By Mike Esterl
Big Soda has found a way to stem its losses: charge more for
less.
U.S. store sales of soda fell in terms of volume in 2015, but
dipped only 0.1% to $26.59 billion on a dollar basis for the 52
weeks ended Dec. 26. That is the best performance since 2012, when
value of sales were flat, according to the data service
Nielsen.
Some industry observers think dollar sales were even slightly
positive in 2015.
The improved performance comes as companies increasingly market
soda as a special treat, in part by steering Americans to smaller
7.5-ounce cans and 8-ounce bottles, but charging more per
ounce.
"Moms want to treat their kids, but they don't want them to have
too much," Sandy Douglas, North American president of Coca-Cola
Co., told investors at a November conference.
The strategy shift comes after companies failed to lure back
customers with price cuts through much of 2013 and 2014. Last year,
volumes fell again--2.2% according to Nielsen--marking the 11th
straight year of consumers cutting back over concerns about obesity
and artificial sweeteners.
More than 60% of Americans polled by Gallup last July said they
try to avoid soda. New U.S. dietary guidelines capped daily
consumption of added sugars at about 200 calories, roughly 40 fewer
calories than a 20-ounce bottle of regular Coke.
Industry leader Coke has been the most aggressive in pushing
smaller sizes to consumers. The company says sales of its smaller
packages--including 8-packs of 12-ounce bottles and 7.5-ounce
cans--rose 15% in the first nine months of last year. Meanwhile,
sales of larger bottles and cans fell to about 85% of its U.S.
sales last year from 90% in 2011, even though buying Coke in larger
quantities almost always costs less at the store.

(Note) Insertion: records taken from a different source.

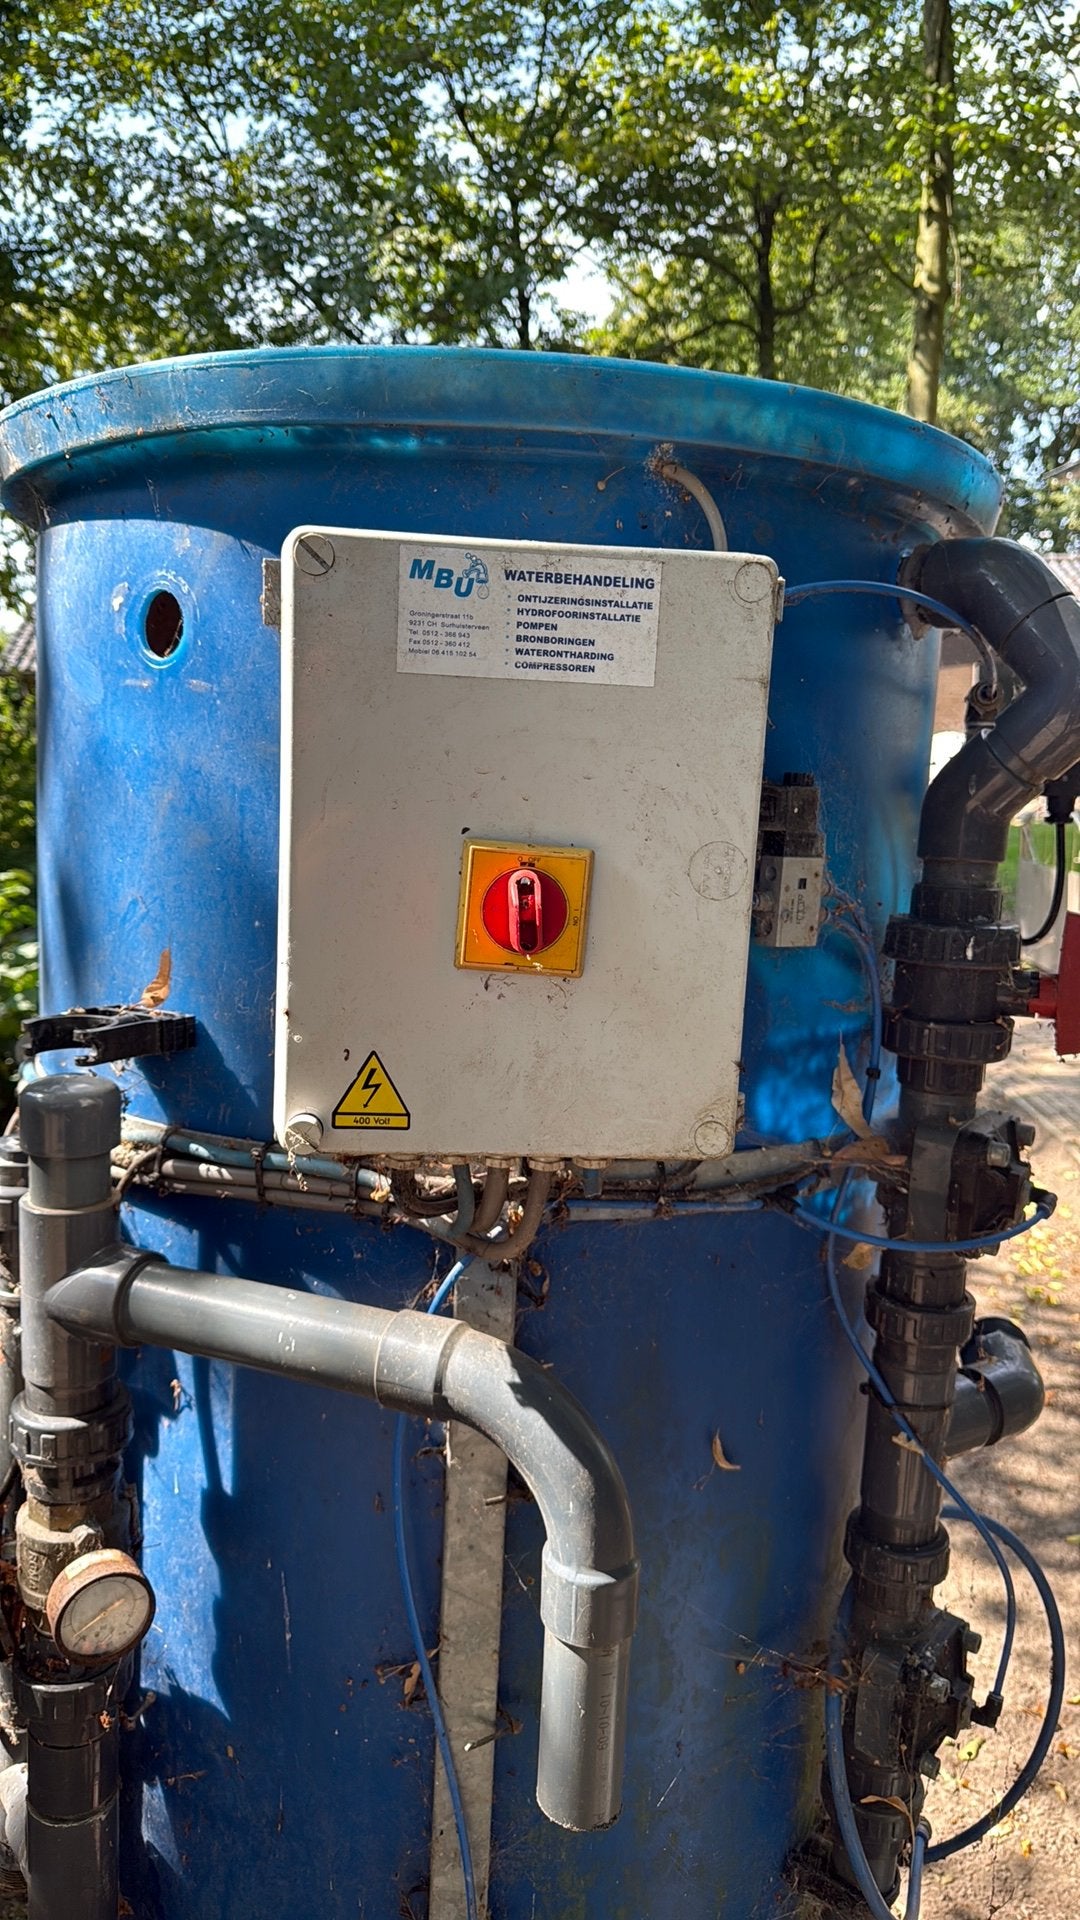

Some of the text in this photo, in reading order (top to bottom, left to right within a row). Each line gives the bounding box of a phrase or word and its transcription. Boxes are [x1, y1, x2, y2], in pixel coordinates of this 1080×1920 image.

[409, 559, 475, 598] MBU
[504, 569, 655, 589] WATERBEHANDELING
[517, 594, 653, 610] ONTIJZERINGSINSTALLATIE
[409, 610, 461, 619] Groningerstraat
[517, 608, 641, 622] HYDROFOORINSTALLATIE
[408, 619, 425, 627] 9231
[440, 622, 490, 631] Surhuisterveen
[516, 621, 558, 631] POMPEN
[516, 634, 595, 646] BRONBORINGEN
[515, 647, 615, 661] WATERONTHARDING
[514, 661, 595, 673] COMPRESSOREN
[353, 1116, 391, 1125] 400 Volt
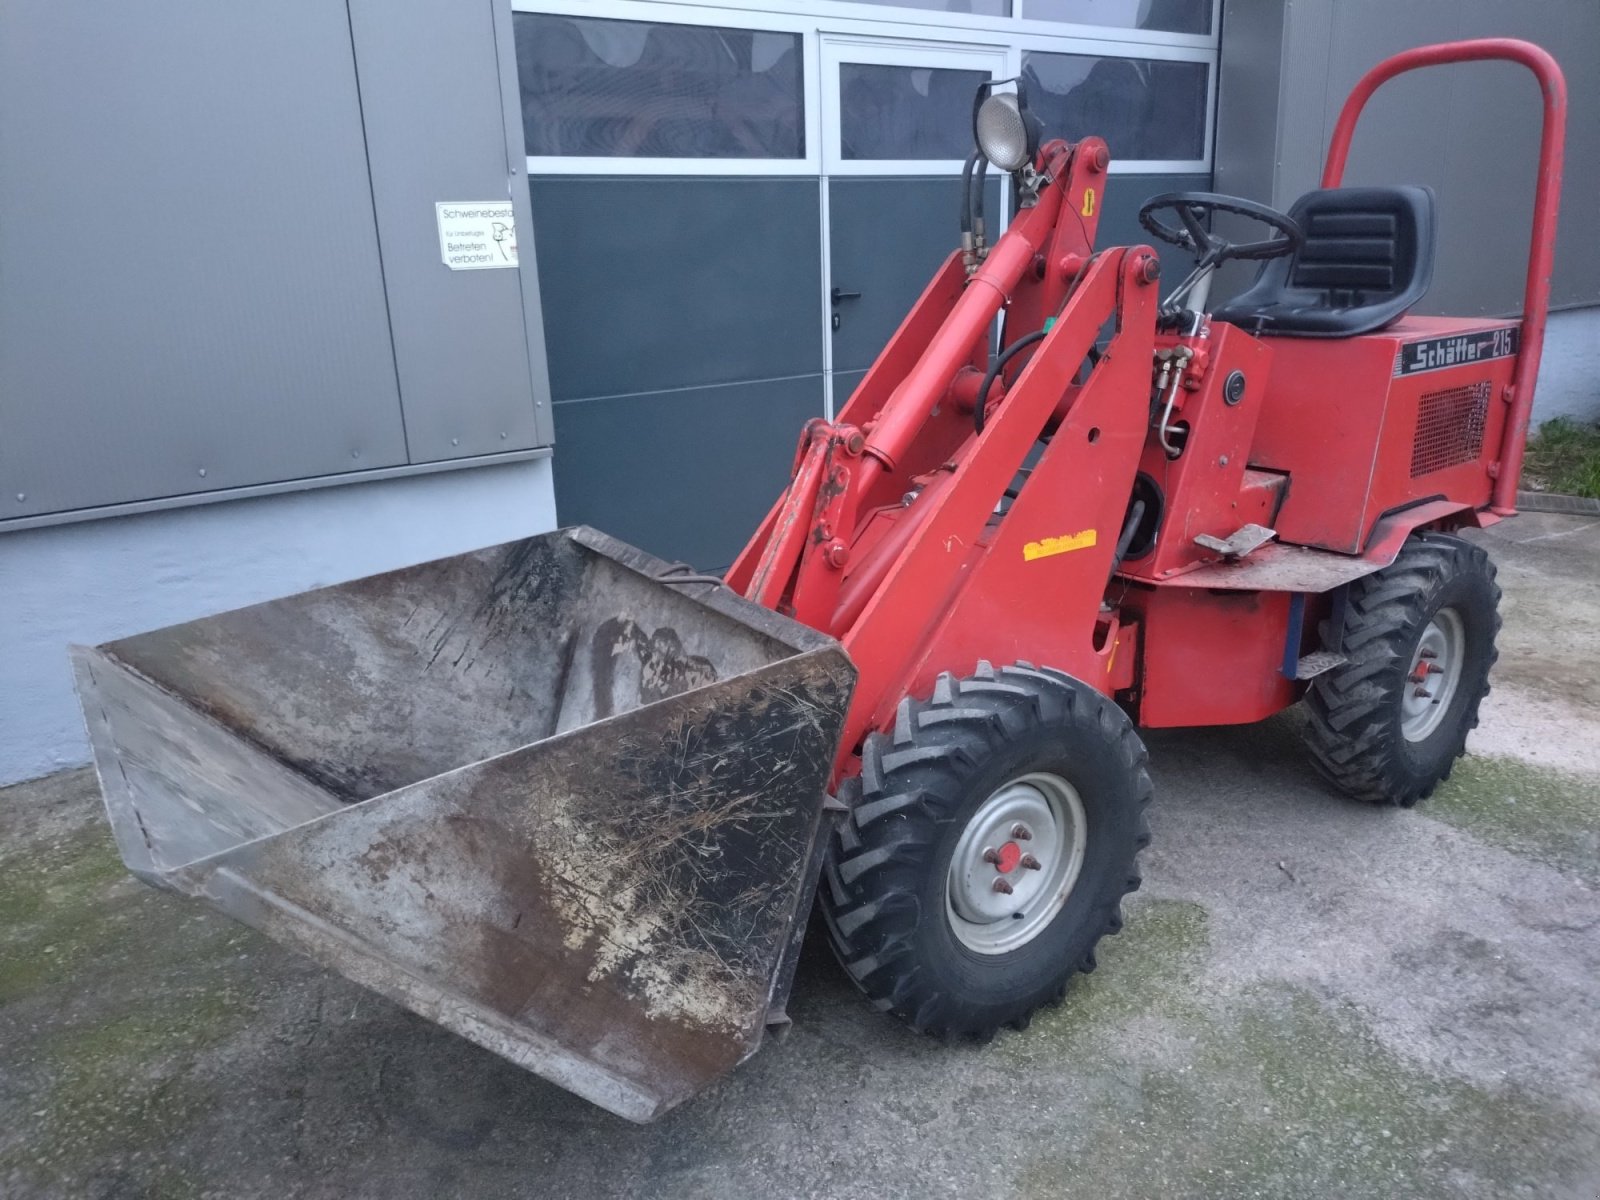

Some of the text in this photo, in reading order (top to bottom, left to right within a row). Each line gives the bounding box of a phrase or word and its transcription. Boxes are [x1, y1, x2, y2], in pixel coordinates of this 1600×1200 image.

[447, 242, 487, 252] Betreten
[449, 253, 493, 263] verboten!
[1410, 330, 1511, 370] Schäffer 215

Rival PepsiCo Inc. says industrywide sales of 12-ounce can
packs, half-liter and 2-liter bottles--which are often heavily
discounted--have fallen at an average annual rate of 2.6% since
2011. The company says sales of smaller packages, which typically
hold fewer ounces, increased 1.8% annually over the same
period.
At a Publix supermarket in Atlanta recently, a 12-pack of
12-ounce Coke cans was priced at $5.29, or 3.67 cents per ounce. An
8-pack of 7.5-ounce cans was priced at $3.99, or 6.65 cents per
ounce.
Fast-food chains are coping with the change in customer
preference by cutting prices. McDonald's Corp. and Burger King
Corp. earlier this month launched deals that were, in effect, more
food and soda for less money.
"You have to be careful to raise prices in this environment
because consumers are pinching pennies,"' said Jack Russo, a
consumer staples analyst at Edward Jones.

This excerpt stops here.